The Supreme Court of Canada has unanimously decided that the implementation of the proposed Cooperative Capital Markets Regulatory System (CCMR) under its memorandum of agreement is constitutional and that the proposed federal Capital Markets Stability Act is constitutional. With the constitutionality of the CCMR being confirmed, FAIR Canada repeats its investor-related concerns about the proposed CCMR and renews its call for stronger investor protection measures to be included in the governance structure and substance of the CCMR.
The Supreme Court’s consideration of the constitutionality of the CCMR arose as a result of an appeal by the federal and British Columbia governments from a decision of the Quebec Court of Appeal on two specific reference questions submitted to the Court of Appeal by the Quebec government. The CCMR is the voluntary common capital markets regulatory initiative being pursued by the governments of British Columbia, Ontario, Saskatchewan, New Brunswick, Prince Edward Island, Yukon and Canada.

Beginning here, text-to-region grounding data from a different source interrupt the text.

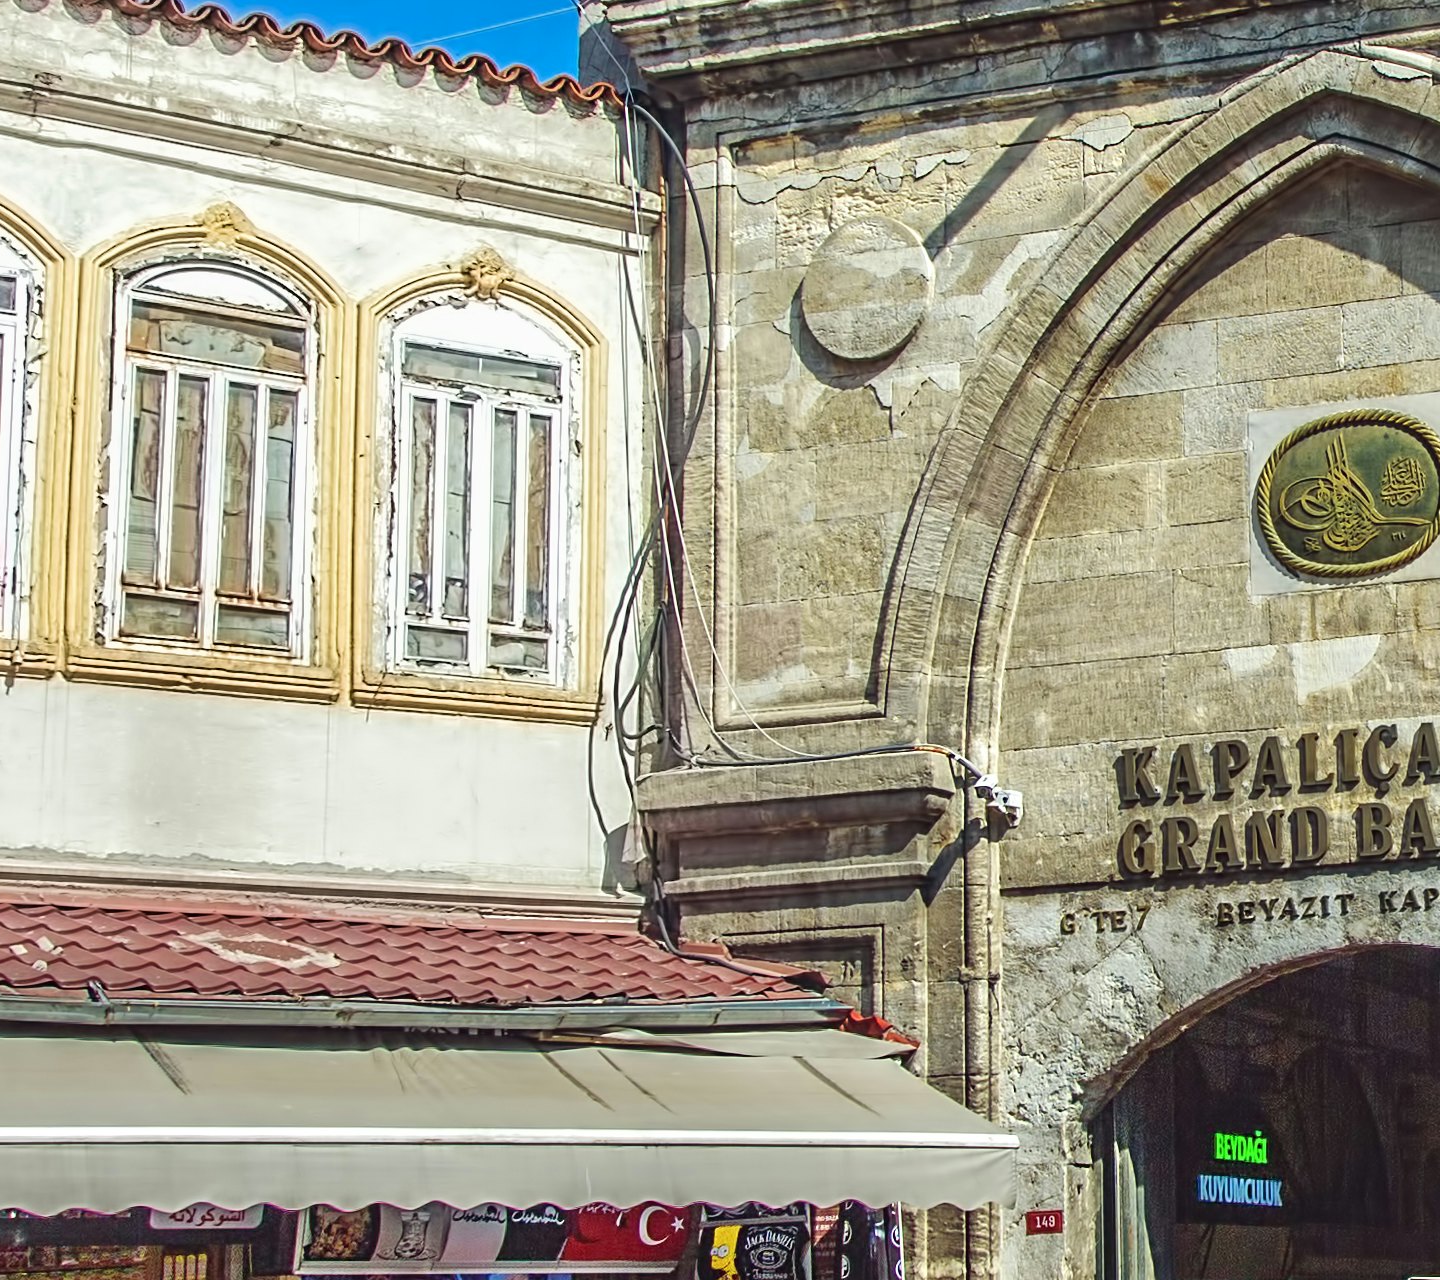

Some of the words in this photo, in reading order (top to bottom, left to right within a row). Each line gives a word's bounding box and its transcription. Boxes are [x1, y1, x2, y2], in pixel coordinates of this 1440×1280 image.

[1117, 805, 1329, 880] GRAND
[1060, 910, 1127, 935] GTE
[1136, 904, 1151, 931] 7
[1215, 892, 1355, 927] BEYAZIT
[1214, 1130, 1267, 1164] BEYDAĞI
[1197, 1174, 1282, 1207] KUYUMCULUK
[1035, 1215, 1056, 1229] 149
[745, 1234, 765, 1250] JACK

The Decision at the Quebec Court of Appeal
On the first reference question – Does the Constitution of Canada authorize the implementation of pan-Canadian securities regulation under the authority of a single regulator according to the model established by the memorandum of agreement regarding the Cooperative Capital Markets Regulatory System? – a majority of the Quebec Court of Appeal answered in the negative, for two reasons. First, the majority held that the involvement of the Council of Ministers in the proposal of amendments to the uniform provincial securities act fettered the law-making provisions of the provincial legislatures and therefore contravened the principle of parliamentary sovereignty. Second, the majority found that the requirement that the proposed regulations under the federal Capital Markets Stability Act be approved by the Council of Ministers coupled with the mechanism by which the Council of Ministers approves or rejects such proposed regulations had the effect of giving certain provinces a veto over federal intervention in capital markets and was incompatible with the constitutional foundation for federal jurisdiction under the general trade and commerce power. The dissenting judge in the Court of Appeal declined to answer the first question because, in his view, it was not for courts to pronounce on the constitutionality of intergovernmental agreements.

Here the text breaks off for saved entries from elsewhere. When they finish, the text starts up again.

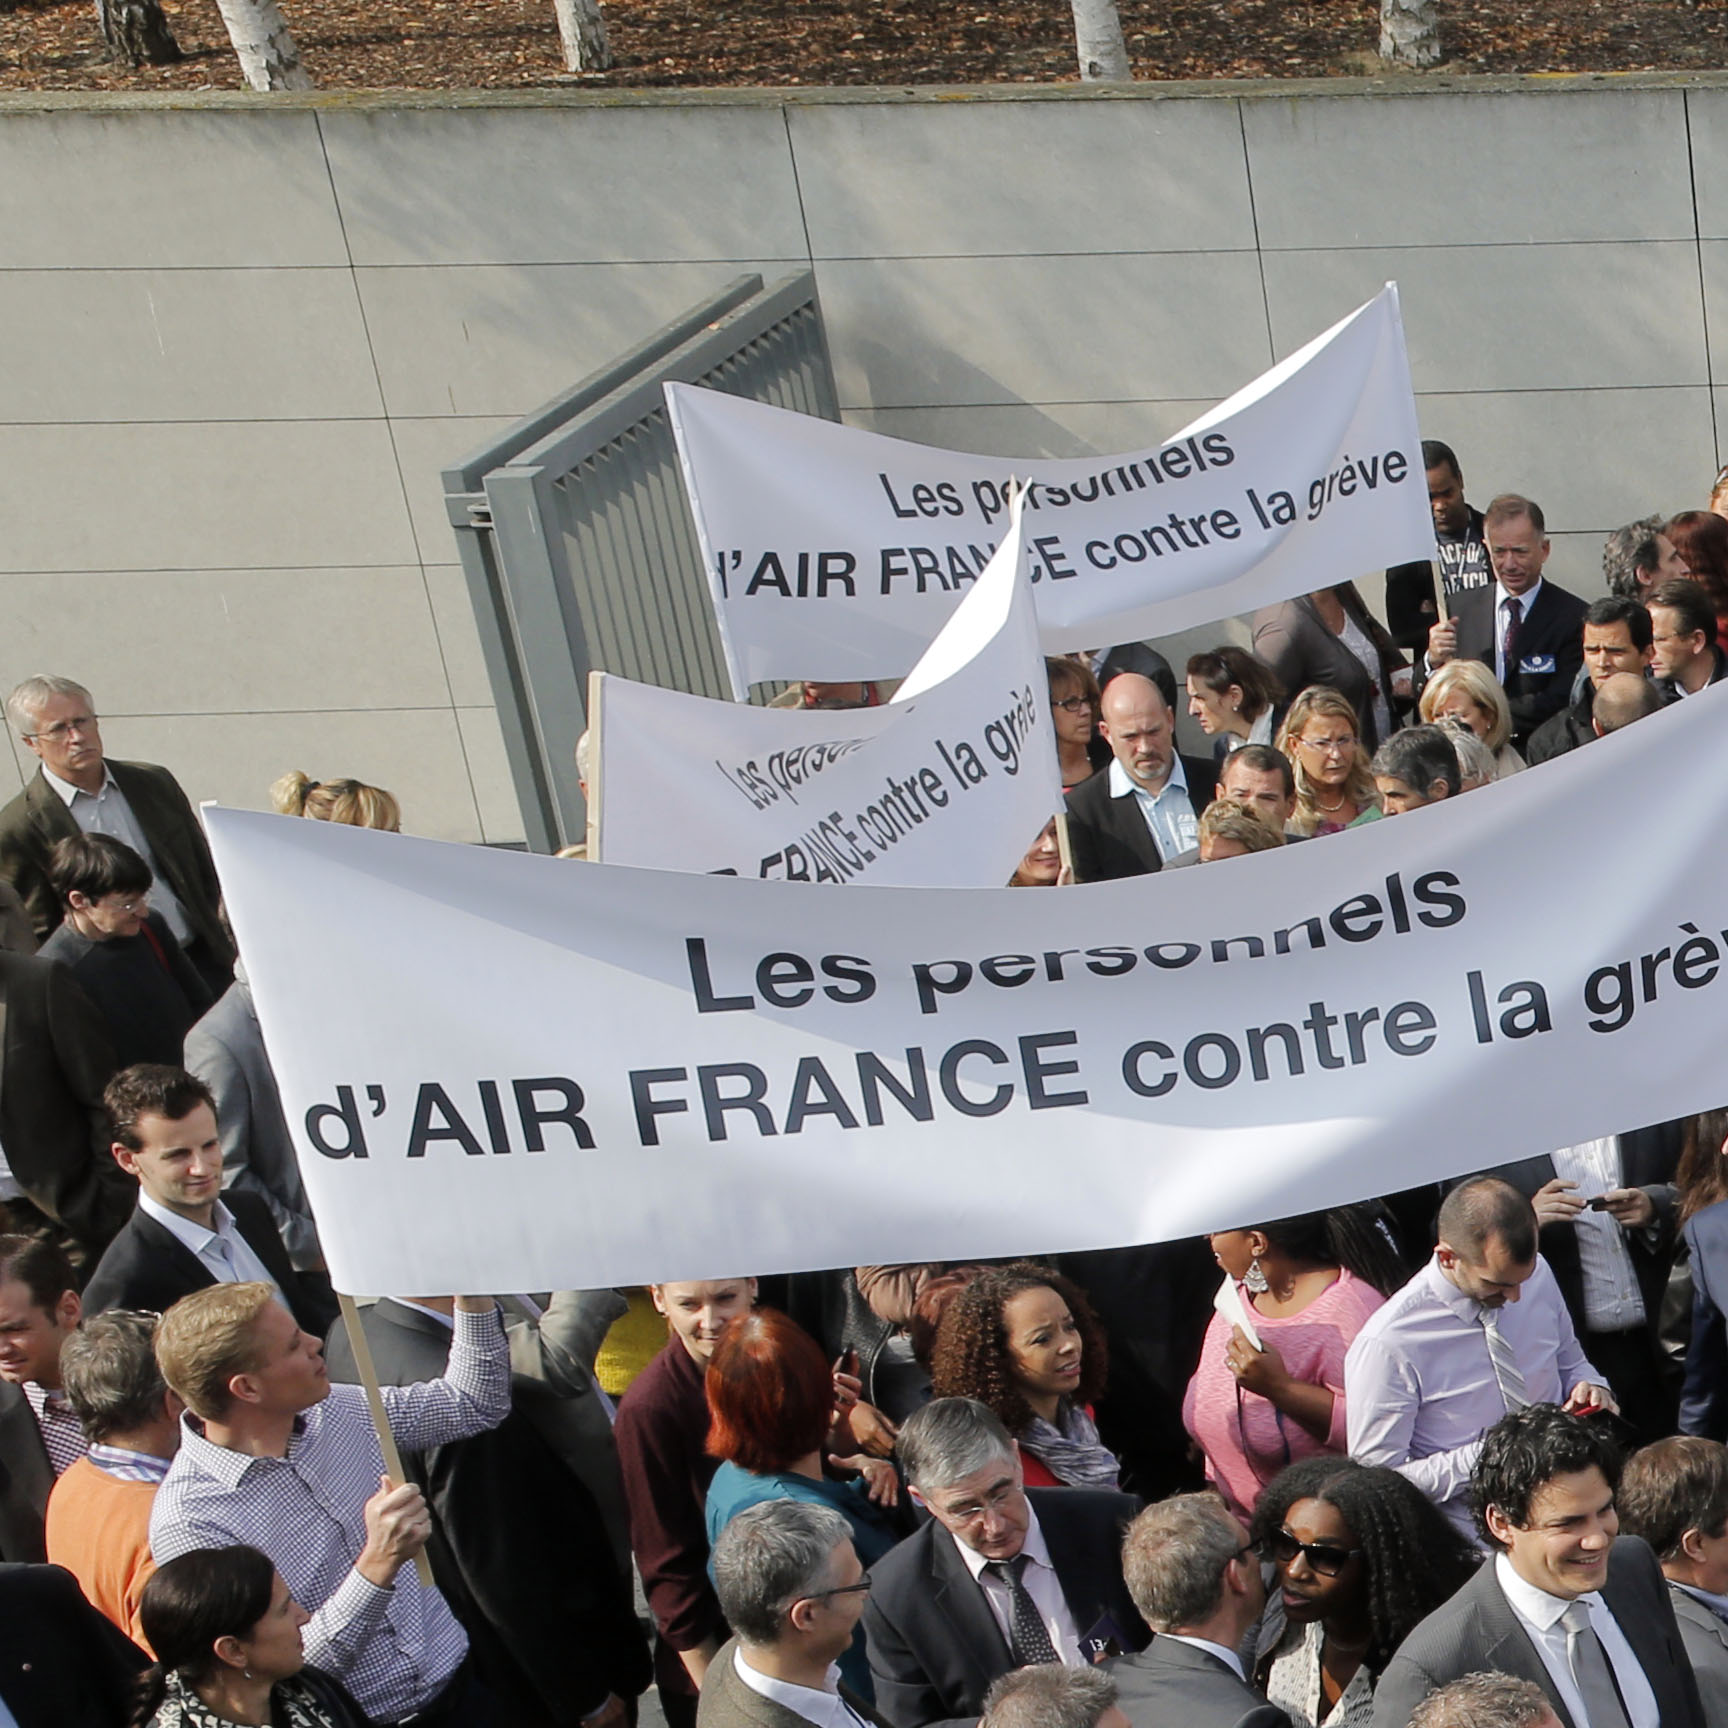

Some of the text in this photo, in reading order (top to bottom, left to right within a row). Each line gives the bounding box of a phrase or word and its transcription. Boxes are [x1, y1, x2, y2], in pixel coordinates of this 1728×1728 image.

[879, 473, 964, 518] Les
[1085, 508, 1241, 570] contre
[1247, 488, 1296, 529] la
[1308, 450, 1408, 520] grève
[716, 760, 779, 810] Les
[857, 767, 948, 850] contre
[935, 740, 988, 790] la
[685, 870, 1466, 1014] Les personnels
[304, 1076, 596, 1159] d'AIR
[628, 1030, 1089, 1146] FRANCE
[1122, 1001, 1437, 1098] contre
[1467, 970, 1552, 1044] la

On the second reference question – Does the federal Capital Markets Stability Act exceed the authority of Parliament over the general branch of the trade and commerce power? – the majority of the Quebec Court of Appeal concluded that Parliament had the constitutional authority to enact the federal Capital Markets Stability Act with the exception of provisions relating to the role and powers of the Council of Ministers in the making of federal regulations. The dissenting judge in the Court of Appeal also held that the Capital Markets Stability Act was constitutionally valid but did not take exception to the provisions relating to the role and powers of the Council of Ministers in the making of federal regulations.

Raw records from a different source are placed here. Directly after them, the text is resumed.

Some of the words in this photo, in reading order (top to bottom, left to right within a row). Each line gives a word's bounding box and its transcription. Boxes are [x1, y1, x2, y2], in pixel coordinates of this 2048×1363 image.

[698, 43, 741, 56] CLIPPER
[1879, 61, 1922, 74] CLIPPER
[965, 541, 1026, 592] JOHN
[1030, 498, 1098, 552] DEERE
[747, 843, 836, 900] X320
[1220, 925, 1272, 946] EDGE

Supreme Court of Canada’s Decision and Reasons
In its unanimous decision, the Supreme Court allowed the appeal on the first reference question, answering with a “Yes”, and held that the involvement of the Council of Ministers in the proposal of amendments to the provincial securities act did not fetter the law-making provisions of the provincial legislatures noting that the memorandum of agreement does not require provincial legislatures to implement amendments and does not preclude them from making other amendments to their securities laws. The Supreme Court confirmed the principle of parliamentary sovereignty means that the government, through an executive agreement, is incapable of interfering with a legislature’s power to enact, amend or repeal legislation – an executive agreement that purports to bind the parties’ respective legislatures cannot, therefore, have any effect. The Supreme Court also ruled that Parliament or a provincial legislature may delegate the regulatory authority to make subordinate laws (like binding rules and regulations) in respect of matters over which it has jurisdiction to another person or body. On the second reference question, the Supreme Court allowed the appeal, answering the second reference question in the negative, and agreed with the dissenting Quebec Court of Appeal judge that the Capital Markets Stability Act falls within Parliament’s general trade and commerce power and that there was nothing problematic about the Act’s delegation of the power to make regulations to the Council of Ministers.
With this constitutional green light for the CCMR, FAIR Canada will continue to seek stronger investor protection measures in the CCMR as we watch for an update of the CCMR implementation and launch timeline, announcements of new participating jurisdictions (e.g. Nova Scotia) and gauge the degree of current federal and provincial political support for this initiative which is now more than five years in gestation.